Valero's natural-gas transportation business diversified in the mid-1980s when the company purchased a 50 percent interest in a Corpus Christi, Texas, refinery owned by Saber Energy. The operation began as nothing more than a vacuum unit and crude unit on a humble plot of land near the Corpus Christi Ship Channel. But in the years that followed, Valero assembled its "Refinery of the Future," and through its subsidiaries added more refineries starting in 1997, with 15 plants today. Through these acquisitions, the company also branched into retail and wholesale markets, and today supplies independently owned wholesale outlets carrying its brands in the United States, Canada, the United Kingdom and Ireland.
Today, Valero proudly has a workforce of about 10,000 employees and a refining throughput capacity of approximately 3.1 million barrels per day, making it the world's largest independent refiner -- tops among refiners that don't also drill for oil. The company ranks No. 31 on the current Fortune 500 list, and is still based in its hometown of San Antonio. Valero is also a leading ethanol producer with 11 ethanol plants in the Mid-Continent region of the U.S. and a combined production capacity of 1.45 billion gallons per year.
Valero maintains a strong commitment to safety and stands as one of the most recognized refiners within the federal OSHA Voluntary Protection Program (VPP). The company demonstrates its commitment to excellence in occupational safety and process safety through an intensive, detailed Commitment to Excellence Management System. And it continues to be recognized among the world's top refining and marketing companies, and among the nation's best employers.
In the community, Valero is proud of its legacy of support and positive outreach through an international network of Volunteer Councils. Valero Volunteers proudly dedicate more than 153,000 volunteer hours to community outreach annually. Special missions on behalf of the United Way, the National Multiple Sclerosis Society, Wounded Warriors and countless children's charities are a source of pride and motivation for every Valero employee. Valero, its employees and its philanthropic organization – the Valero Energy Foundation – annually generate more than $54 million to support worthy charities or causes, through direct donations or fundraising, to improve the lives of those living in communities near Valero operations.

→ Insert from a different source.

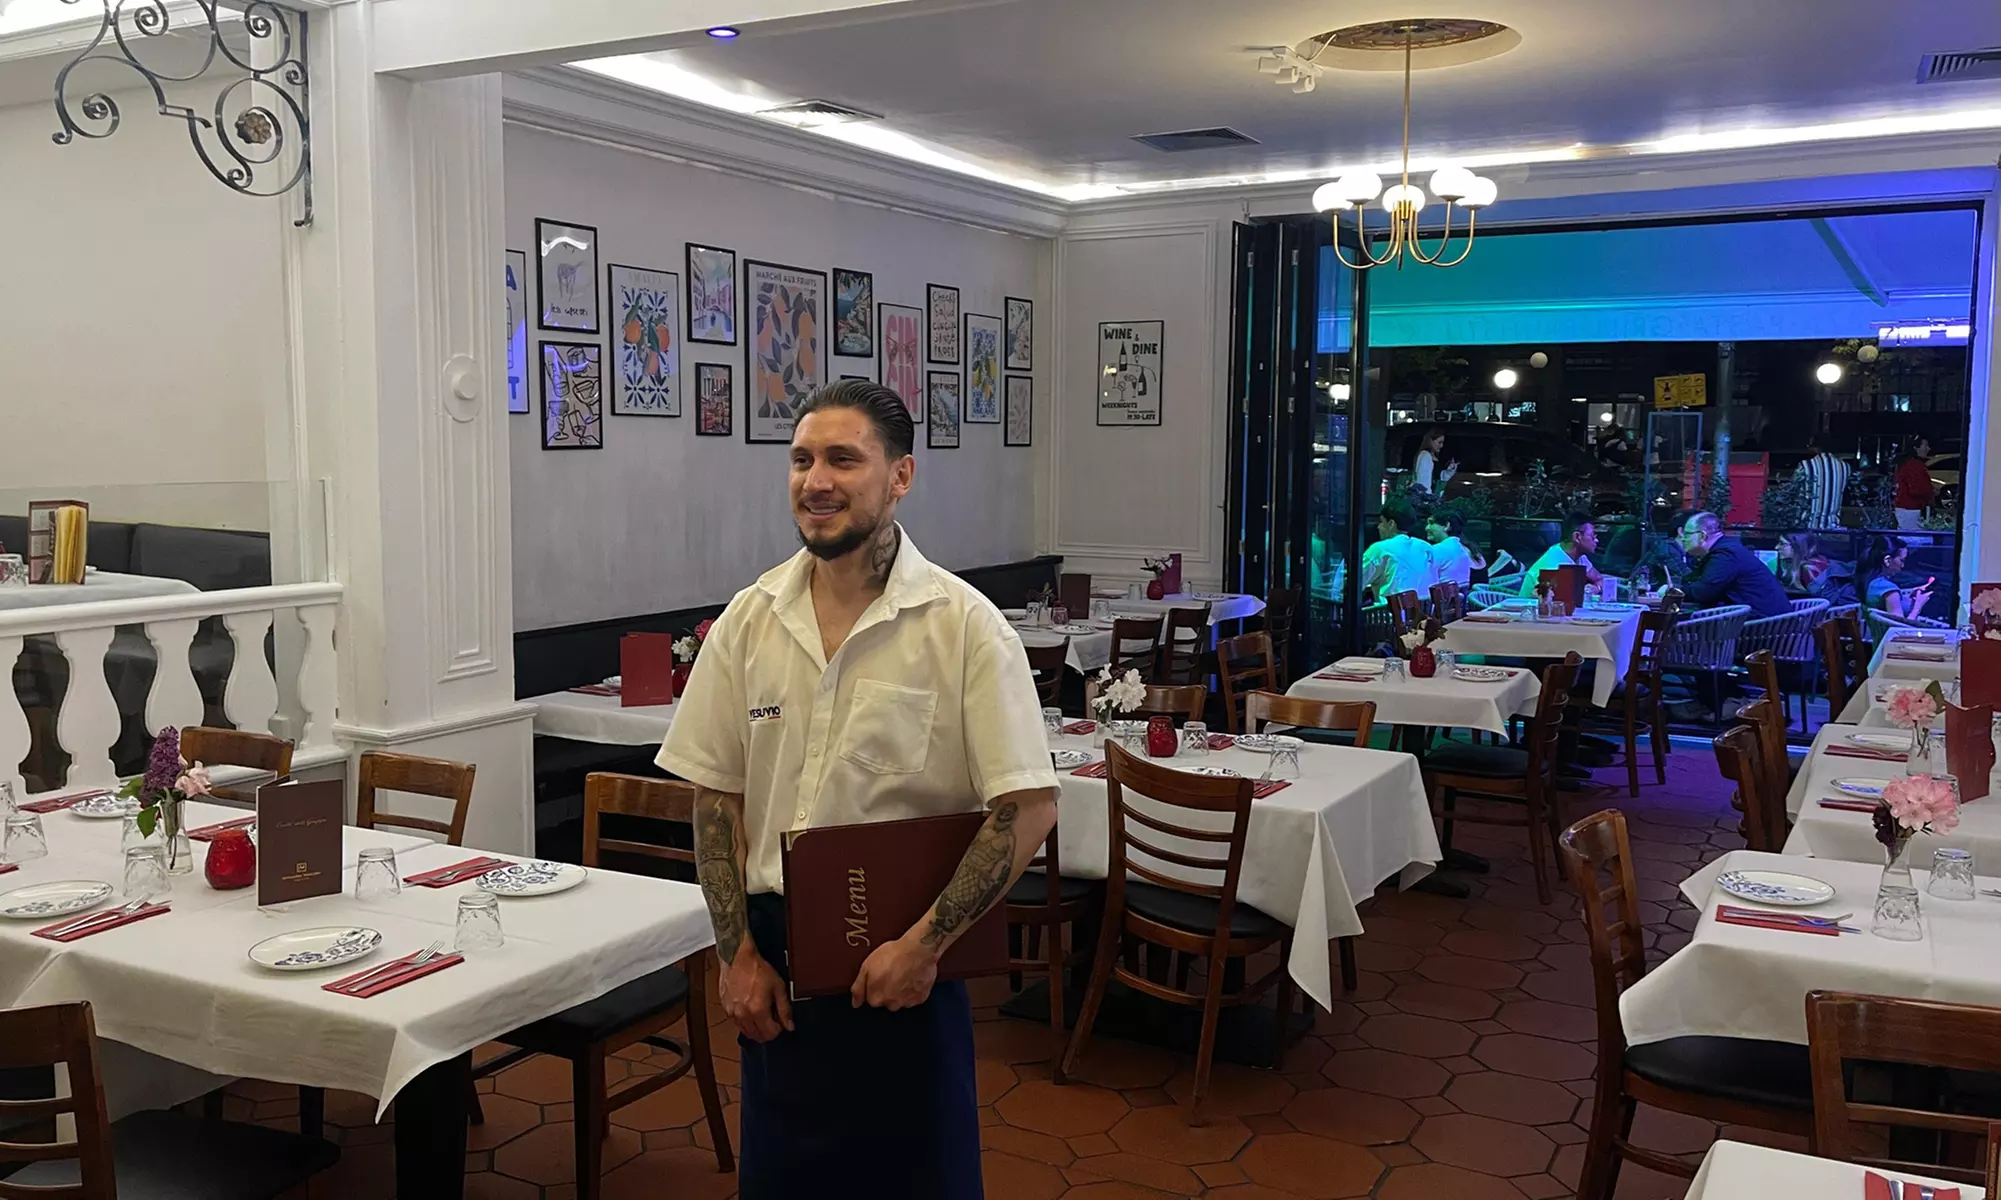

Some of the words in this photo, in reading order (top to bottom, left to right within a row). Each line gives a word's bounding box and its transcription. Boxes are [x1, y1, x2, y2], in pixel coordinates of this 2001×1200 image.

Valero proudly carries its legacy of strength and stability in the refining industry and into each community touched by its operations. Through the years, the company has amassed a family of employees from virtually every corner of the energy business. Their expertise and dedication continue to make Valero a competitive partner in the global energy industry.

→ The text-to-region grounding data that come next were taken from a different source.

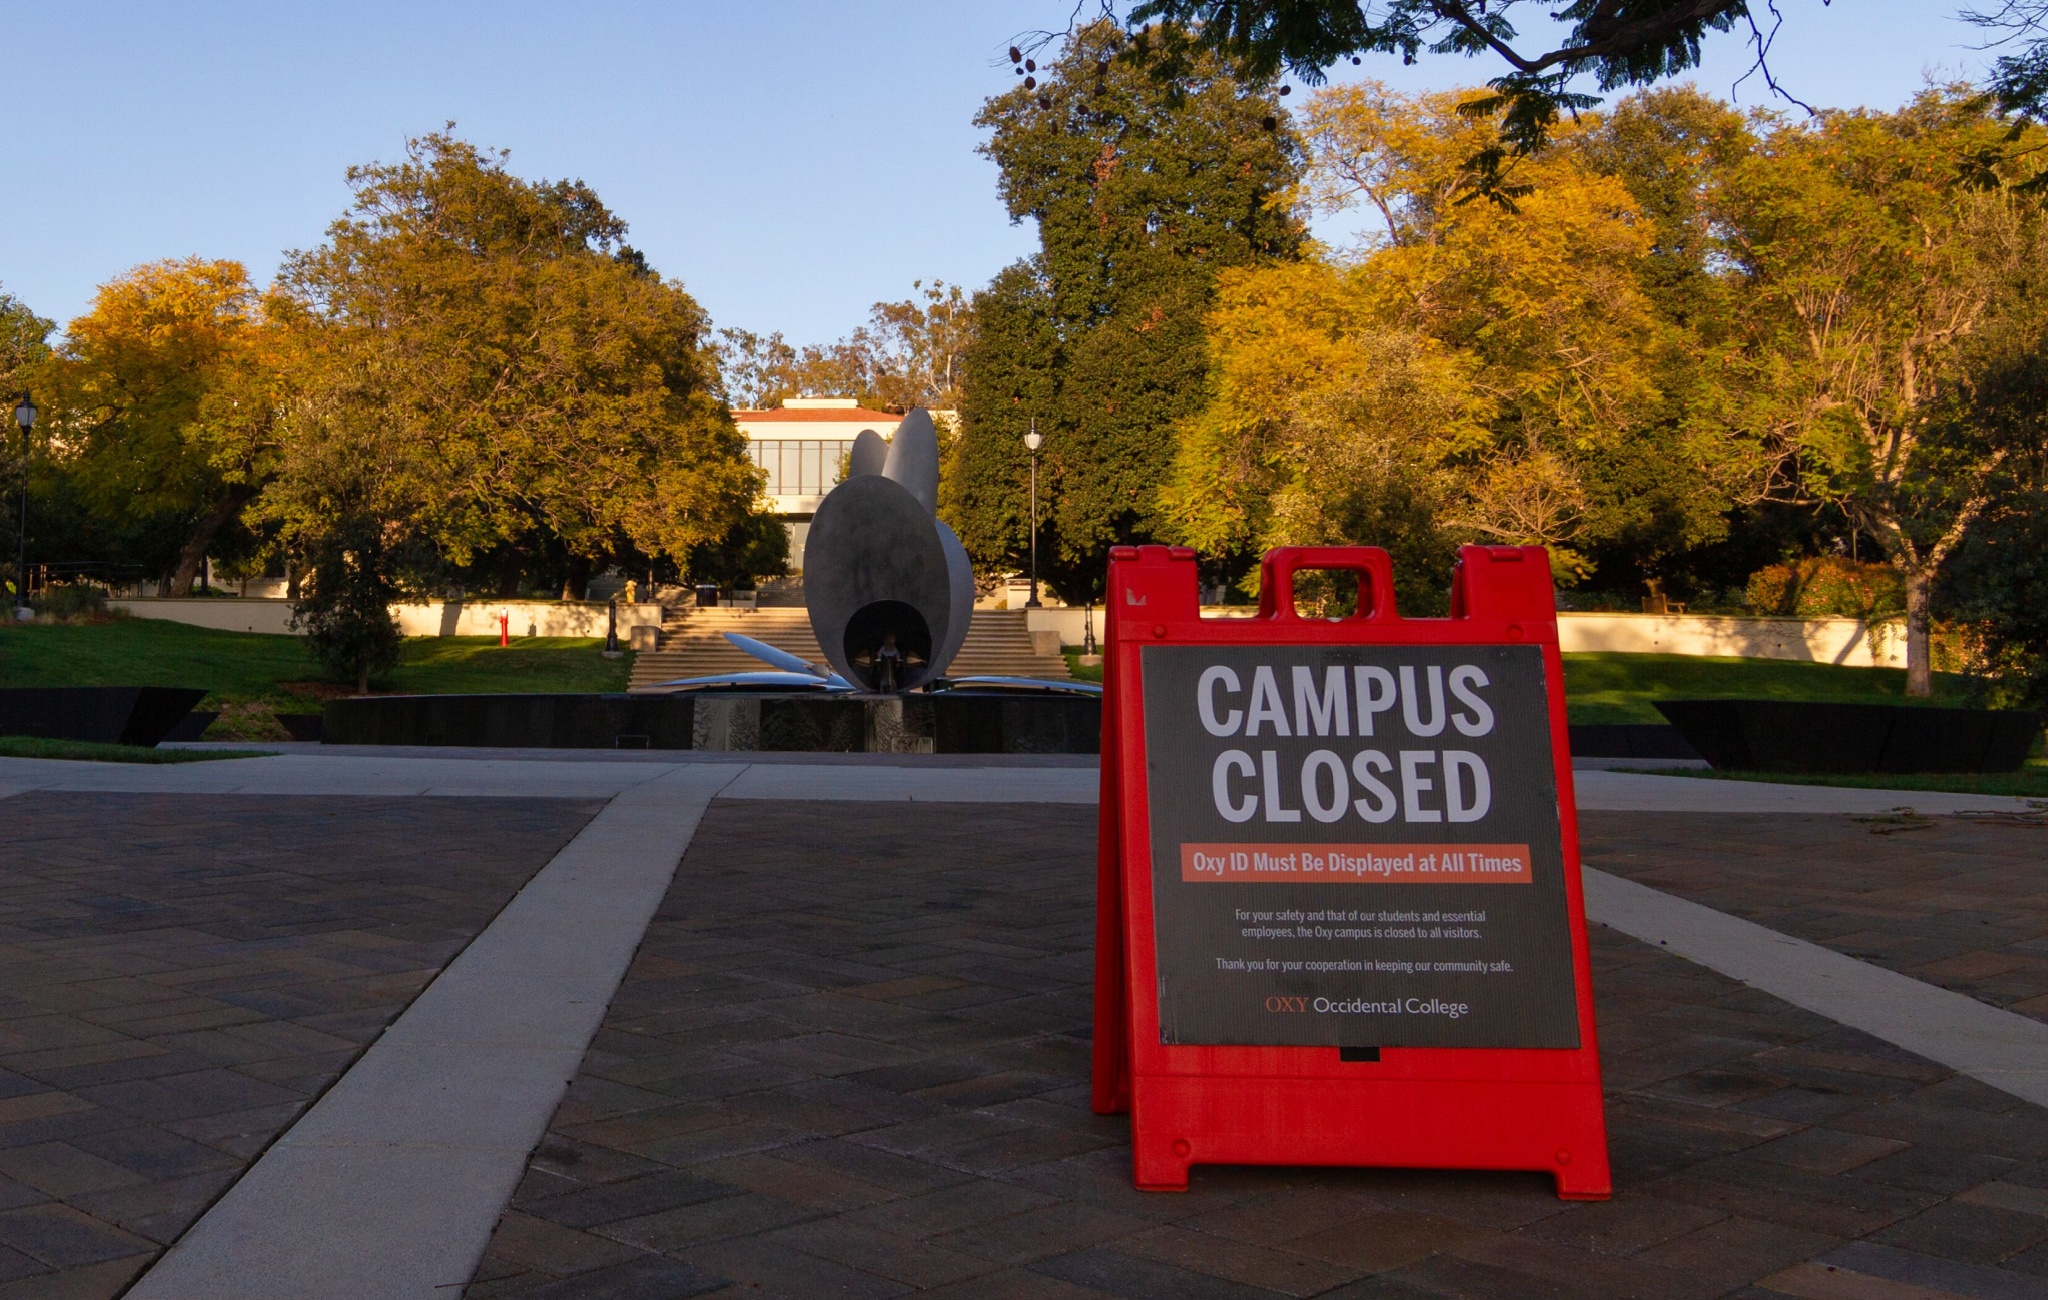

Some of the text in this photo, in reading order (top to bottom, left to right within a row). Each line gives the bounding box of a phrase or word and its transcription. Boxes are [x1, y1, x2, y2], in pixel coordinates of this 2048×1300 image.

[1197, 664, 1495, 737] CAMPUS
[1212, 749, 1492, 824] CLOSED
[1193, 852, 1522, 877] Oxy ID Must Be Displayed at All Times
[1235, 909, 1486, 923] For your safety and that of our students and essential
[1241, 925, 1482, 941] employees, the Oxy campus is closed to all visitors.
[1215, 957, 1514, 975] Thank you for your cooperation in keeping our community safe.
[1265, 996, 1469, 1019] OXY Occidental College

Scroll below for a look at Valero through the years.
On Jan. 1, 1980, Valero is born as the corporate successor of LoVaca Gathering Co., a natural-gas gathering subsidiary of the Coastal States Gas Corp.
The original Saber crude unit was developed into a sprawling, modern refinery complex in Corpus Christi.
Valero merged its natural-gas-related services with PG&E Corp. and spins off its refining and marketing operations as a new company retaining the Valero name.
Valero acquired Basis Petroleum Inc. in 1997, making it the largest independent refining and marketing company on the Gulf Coast.
Valero acquired the Benicia refinery, one of the most complex refineries in the nation, and also gets a 270-store retail distribution chain and 80 company-operated sites.
Valero accelerated its expansion with purchases of a 115,000-barrel-per-day refinery in Corpus Christi (which became the Bill Greehey Refineries East Plant), two asphalt refineries on the West Coast, and then its largest transaction, the purchase of Ultramar Diamond Shamrock in 2001.
Valero acquired Orion Refining Corp.'s St. Charles Refinery in Norco, La., outside New Orleans, in 2003.
Valero's international reach expanded in 2004 with the purchase of El Paso Corp.'s 315,000-barrel-per-day refinery on the Caribbean Island of Aruba.
In 2005, Valero became the largest independent North American refiner with the acquisition of Premcor Inc. and its four refineries.
Valero spun off Valero L.P. and its general partner, Valero GP Holdings in 2006, creating the independent company NuStar.
In 2009, Valero entered the ethanol business. Today, Valero is one of the nation's largest ethanol producers.
In 2011, Valero acquired the Pembroke refinery in Wales, along with related marketing and logistics operations throughout the United Kingdom and Ireland, as well as the Meraux refinery outside New Orleans.
Valero spun off its retail business as an independent public company, CST Brands Inc., in 2013.
In December of that year, Valero formed Valero Energy Partners LP (VLP) as a fee-based master limited partnership to own, operate, develop and acquire crude oil and refined products pipelines, terminals and other transportation and logistics assets. Through subsidiaries, Valero owns the general partner of VLP.
In spring 2018, Valero established a growth platform in Latin America with the acquisition of Pure Biofuels del Peru S.A.C. (PBF) from Pegasus Capital Advisors LP, PBF management and its minority shareholders. The transaction included refined products terminals in Callao, near Lima, and in Paita, near Piura in northern Peru, and a leading supply platform with a diverse group of customers, including retailers, miners and airlines.